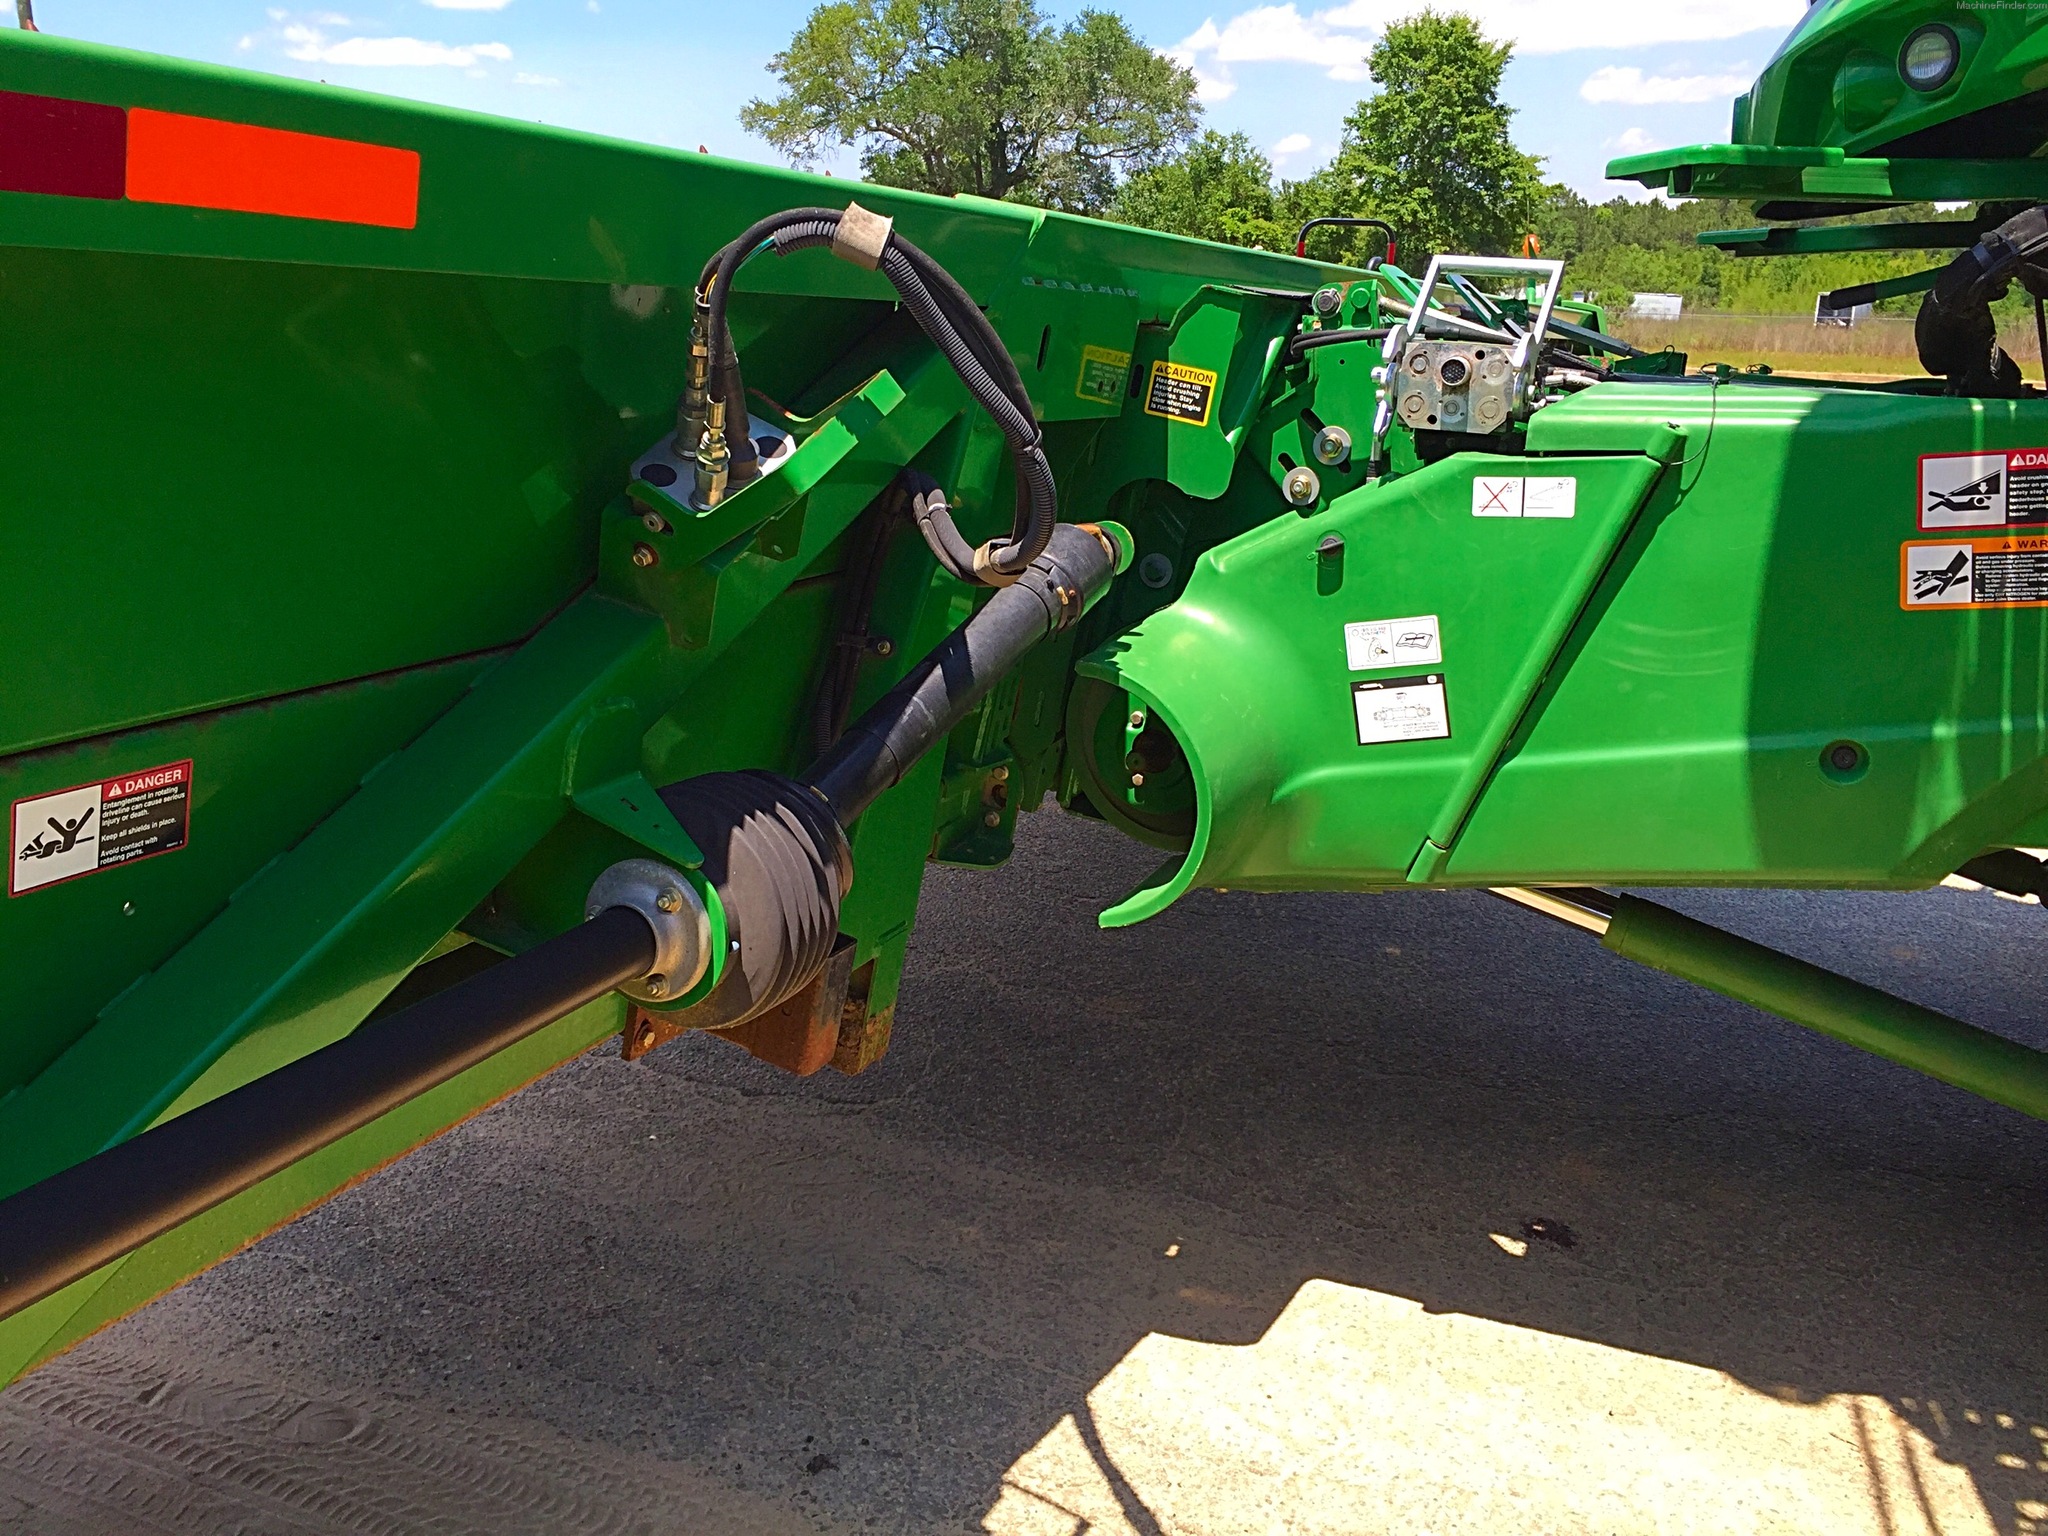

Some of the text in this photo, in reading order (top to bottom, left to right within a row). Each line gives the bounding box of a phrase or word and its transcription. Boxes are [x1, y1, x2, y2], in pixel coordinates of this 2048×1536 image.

[1156, 377, 1178, 386] Header
[1165, 366, 1213, 383] CAUTION
[1155, 383, 1200, 399] Avoid crushing
[1179, 395, 1194, 404] Stay
[1157, 405, 1181, 415] running.
[2026, 454, 2048, 465] DA
[125, 769, 182, 793] DANGER
[102, 807, 130, 818] driveline
[144, 798, 162, 808] cause
[164, 792, 185, 802] serious
[103, 794, 147, 810] Entanglement
[154, 786, 178, 797] rotating
[102, 816, 120, 827] injury
[130, 809, 149, 819] death.
[101, 833, 118, 842] Keep
[128, 824, 150, 835] shields
[159, 817, 176, 828] place.
[100, 847, 120, 857] Avoid
[120, 840, 144, 851] contact
[145, 836, 158, 845] with
[100, 848, 144, 865] rotating parts.
****
→ Task description
Exact reproduction of the entries above is required, with pictures excluded.

→ Output
Some of the text in this photo, in reading order (top to bottom, left to right within a row). Each line gives the bounding box of a phrase or word and its transcription. Boxes are [x1, y1, x2, y2], in pixel coordinates of this 2048×1536 image.

[1156, 377, 1178, 386] Header
[1165, 366, 1213, 383] CAUTION
[1155, 383, 1200, 399] Avoid crushing
[1179, 395, 1194, 404] Stay
[1157, 405, 1181, 415] running.
[2026, 454, 2048, 465] DA
[125, 769, 182, 793] DANGER
[102, 807, 130, 818] driveline
[144, 798, 162, 808] cause
[164, 792, 185, 802] serious
[103, 794, 147, 810] Entanglement
[154, 786, 178, 797] rotating
[102, 816, 120, 827] injury
[130, 809, 149, 819] death.
[101, 833, 118, 842] Keep
[128, 824, 150, 835] shields
[159, 817, 176, 828] place.
[100, 847, 120, 857] Avoid
[120, 840, 144, 851] contact
[145, 836, 158, 845] with
[100, 848, 144, 865] rotating parts.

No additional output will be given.